A waning in Richard’s personal popularity in London had led to the elevation of Derby in his stead. The Londoners, tough and assertive
in most things, had a weakness for show and had always found it easy to cheer for the Plantagenets and the wives they brought over from the continent. Derby had the same princely appearance as Richard, the Plantagenet reddish golden glow and the straight strong figure, and the citizens and their apprentices were ready enough to transfer their affections. Richard had been so loudly acclaimed at the beginning that he did not fall completely out of favor until toward the end, but his stock could fall as sharply as it rose. It went into a decline when this savagely antagonistic group came together.
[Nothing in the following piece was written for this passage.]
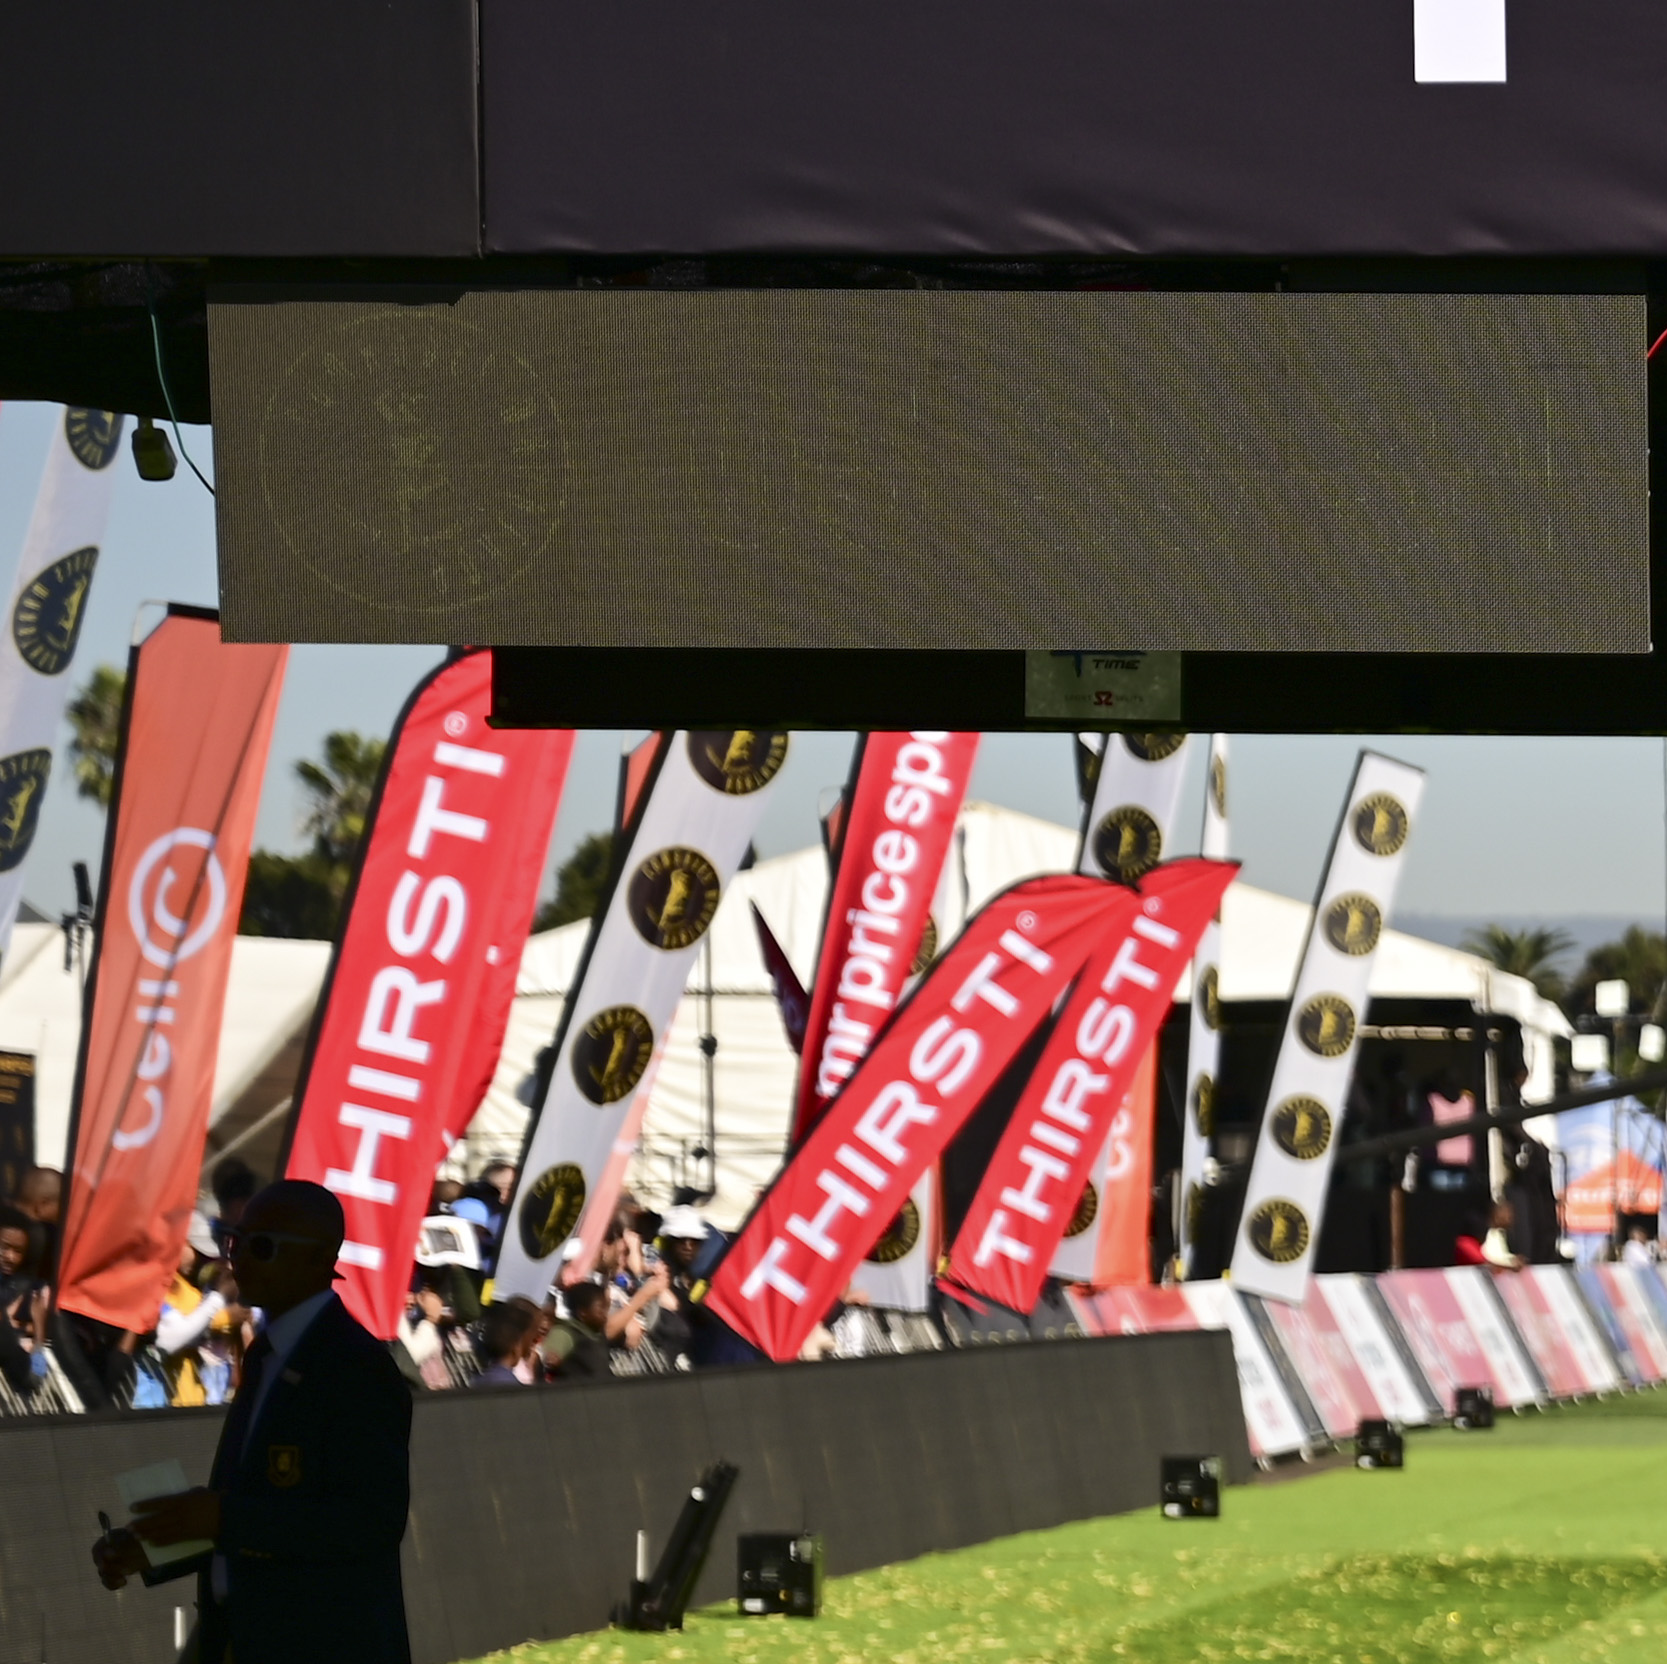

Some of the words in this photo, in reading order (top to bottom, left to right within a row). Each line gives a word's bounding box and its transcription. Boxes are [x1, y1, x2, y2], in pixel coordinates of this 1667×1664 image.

[838, 821, 917, 1009] price
[973, 914, 1180, 1269] THIRSTI
[740, 929, 1054, 1306] THIRSTI
This made a dangerous combination, the stormy Thomas and the coldly aspiring Henry of Derby. They could not be expected to stand together long, but for the moment they saw eye to eye and were prepared to work in unison.
Back of the two leaders was the aggressive figure of Richard, Earl of Arundel, who was as bitterly against the king as Thomas of Woodstock and perhaps of a more revengeful nature. In support of this trio came more baronial magnates. Thomas de Beauchamp, Earl of Warwick, was the most prominent, a withdrawn type of man without any pretensions but lacking in the courage for political conflict, as would be discovered later. Next came Thomas de Mowbray, Earl of Nottingham, who was about Richard’s age and had been on friendly terms with the young king. He was not prominent in the early stages of the struggle but later would emerge in a contradictory role, most of the time with the king but always an uncertain adherent.
Finally there was Courtenay, who was now Archbishop of Canterbury and so wielded much influence. He had been outspoken in his criticism of the king, in public as well as in private talks with Richard, and had earned the active dislike of the young ruler.
The opposition scored heavily in the Parliament which sat in October 1386. They demanded that the king dismiss his chancellor and treasurer. His immediate answer was an expression of the pride of place and belief in kingly prerogative he had inherited from his father.